Sex differences in inflammatory biomarkers during long-term evolocumab therapy

Scritto il 10/12/2025
da Federica Fogacci

J Clin Lipidol. 2025 Nov 12:S1933-2874(25)00517-3. doi: 10.1016/j.jacl.2025.11.011. Online ahead of print.

ABSTRACT

BACKGROUND: Atherosclerotic cardiovascular disease remains a predominant cause of morbidity and mortality worldwide, driven by complex interactions between lipid metabolism and chronic inflammation. While evolocumab, a proprotein convertase subtilisin/kexin type 9 inhibitor, is established in lowering low-density lipoprotein cholesterol (LDL-C) and cardiovascular risk, its long-term effects on inflammatory biomarkers-and potential sex-specific responses-are not fully understood.

OBJECTIVE: This study aimed to elucidate the impact of prolonged evolocumab therapy on inflammation markers in a routine clinical setting, focusing on sex-related differences.

METHODS: We analyzed data from 202 hypercholesterolemic patients (111 men, 91 women) treated with evolocumab for at least 36 months. Key inflammatory indices, including the monocyte-to-high-density lipoprotein cholesterol ratio (MHR) and platelet-to-monocyte ratio (PMR), were assessed longitudinally alongside traditional lipid parameters.

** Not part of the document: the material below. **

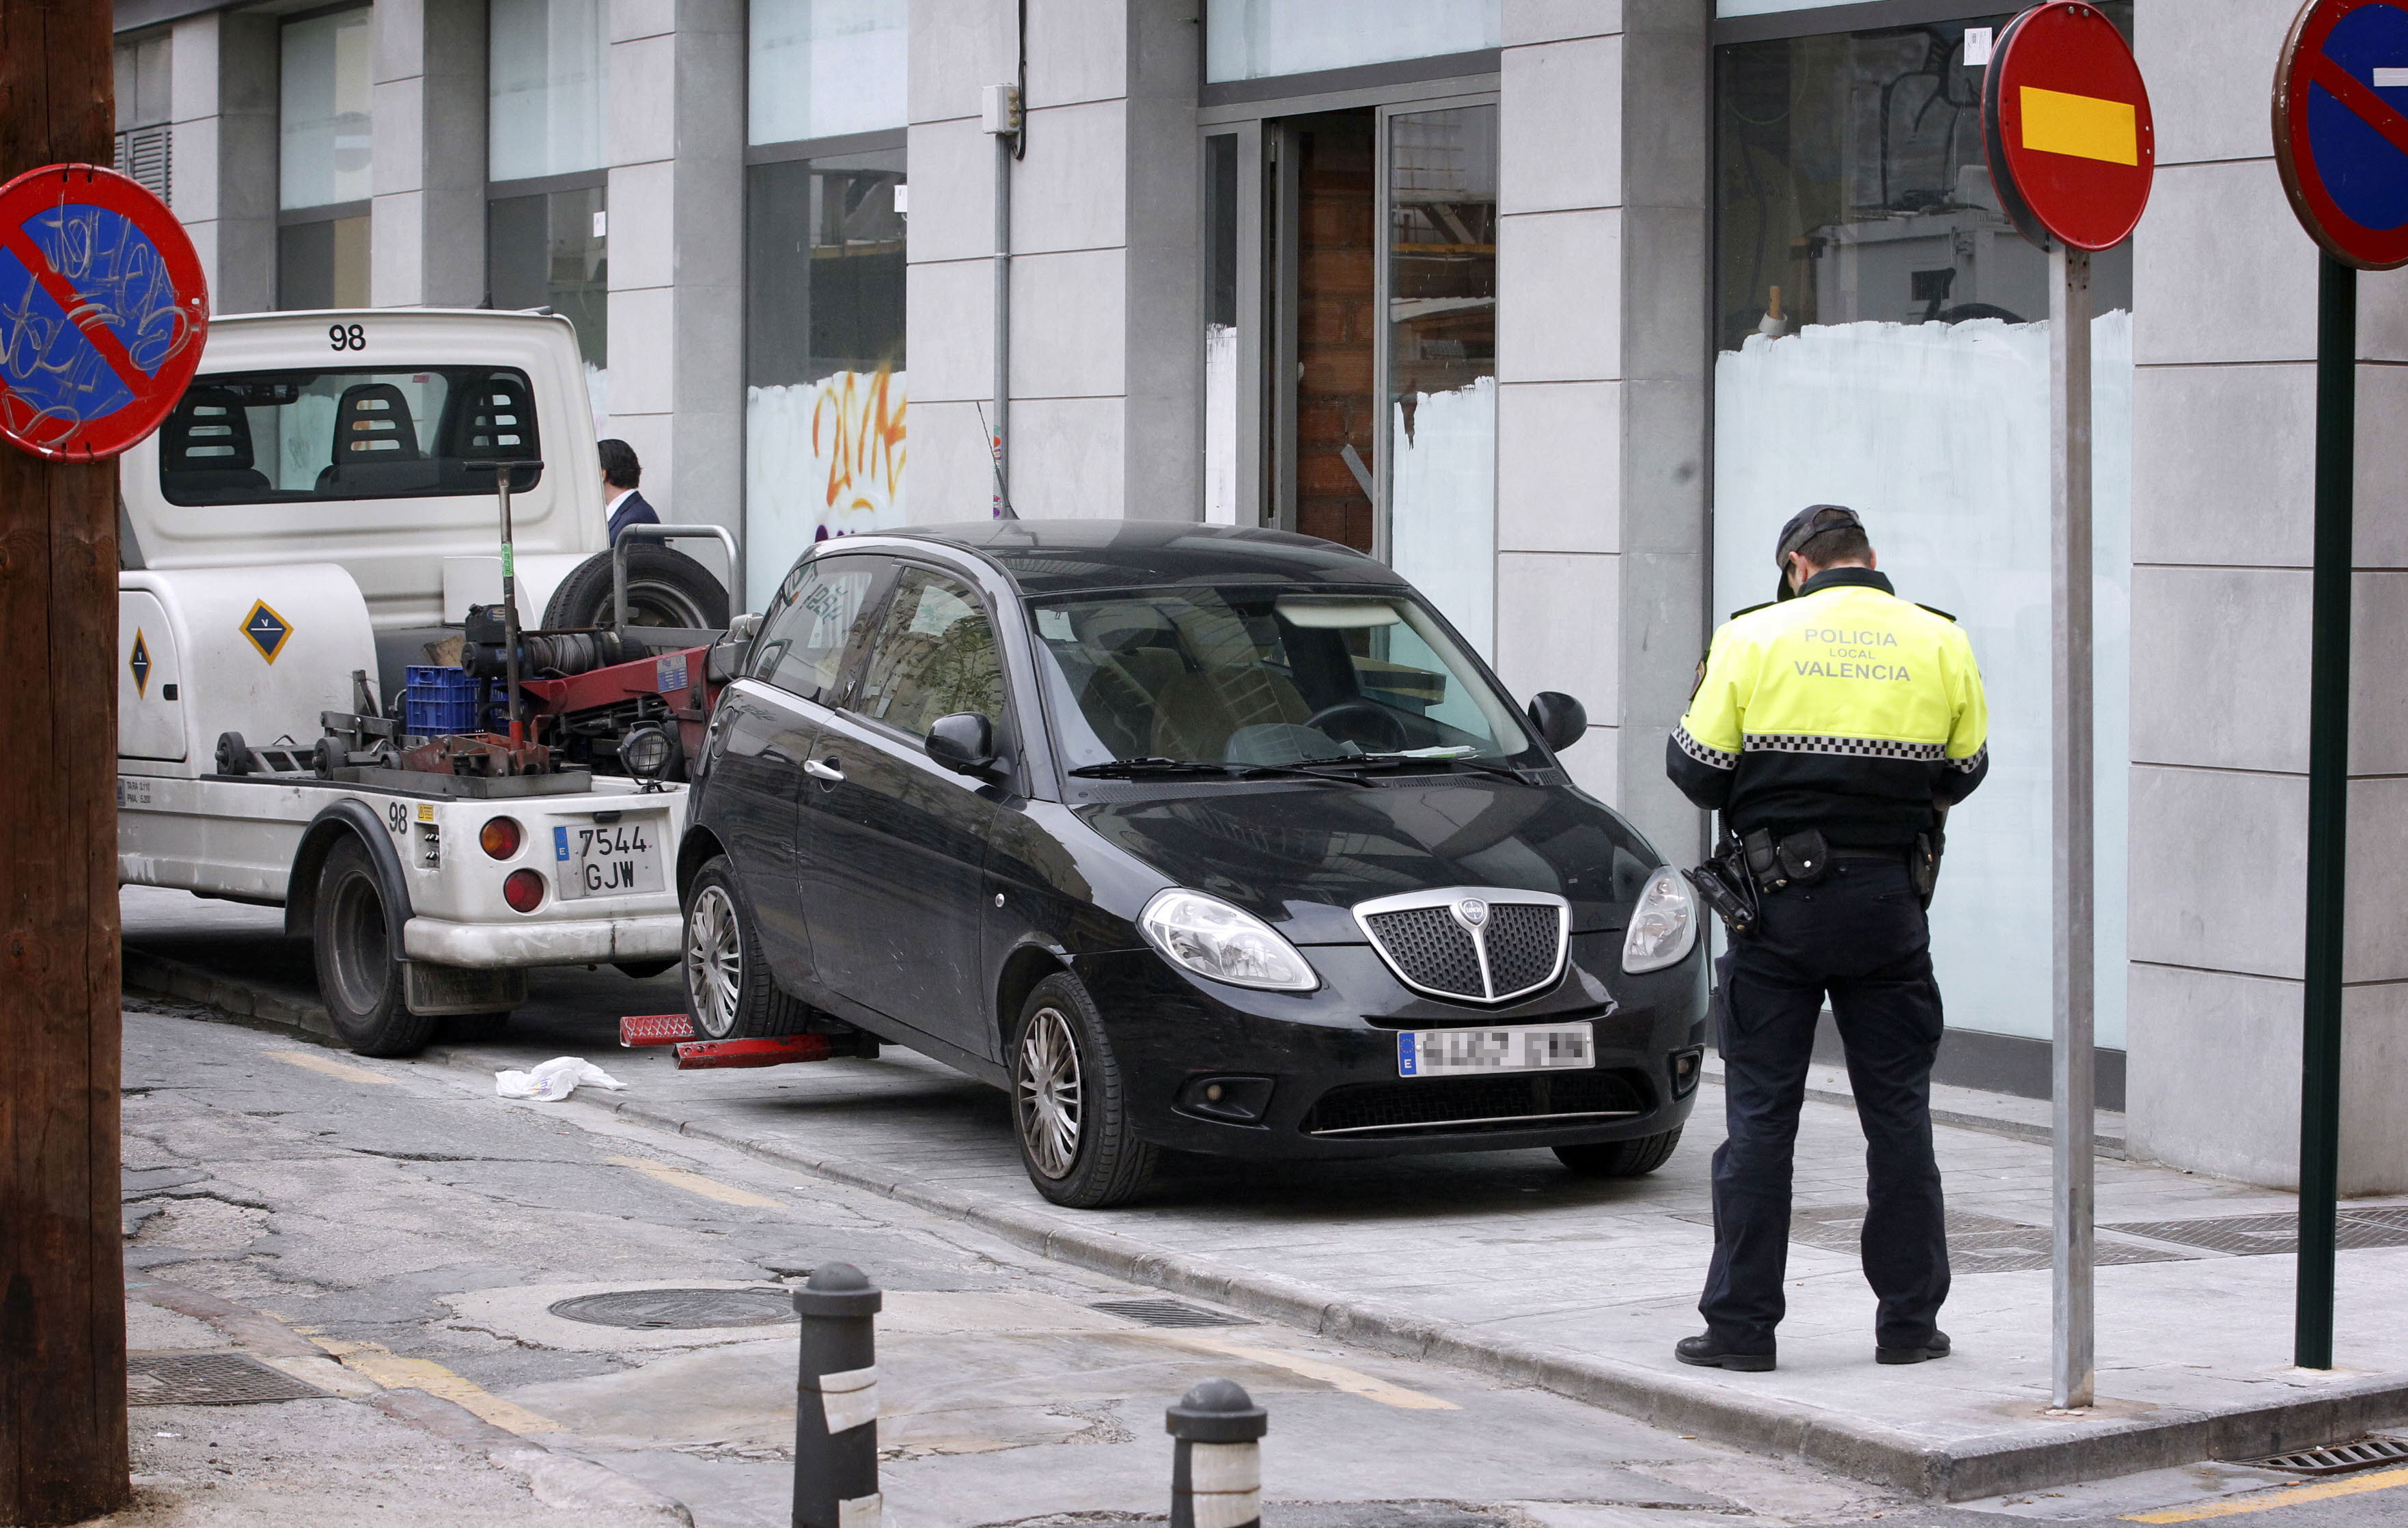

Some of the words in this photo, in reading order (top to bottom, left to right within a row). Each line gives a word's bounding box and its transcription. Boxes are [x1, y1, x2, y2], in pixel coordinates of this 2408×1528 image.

RESULTS: Significant sex-related differences emerged in inflammatory profiles: men exhibited consistently higher MHR levels at baseline (P = .010) and throughout follow-up (P < .001), whereas women showed persistently elevated PMR values (P < .001). Intriguingly, a strong inverse correlation was observed between lymphocyte count and lipoprotein(a) levels in women (rs = -0.885, P < .001), a pattern absent in men, suggesting distinct immunometabolic mechanisms.

CONCLUSION: Our findings reveal pronounced biological sex differences in inflammatory responses to long-term evolocumab therapy, highlighting the need to incorporate sex-specific considerations in cardiovascular risk management and treatment monitoring. These novel insights pave the way for personalized therapeutic strategies and call for further investigation into the clinical significance of inflammation in lipid-lowering treatment outcomes.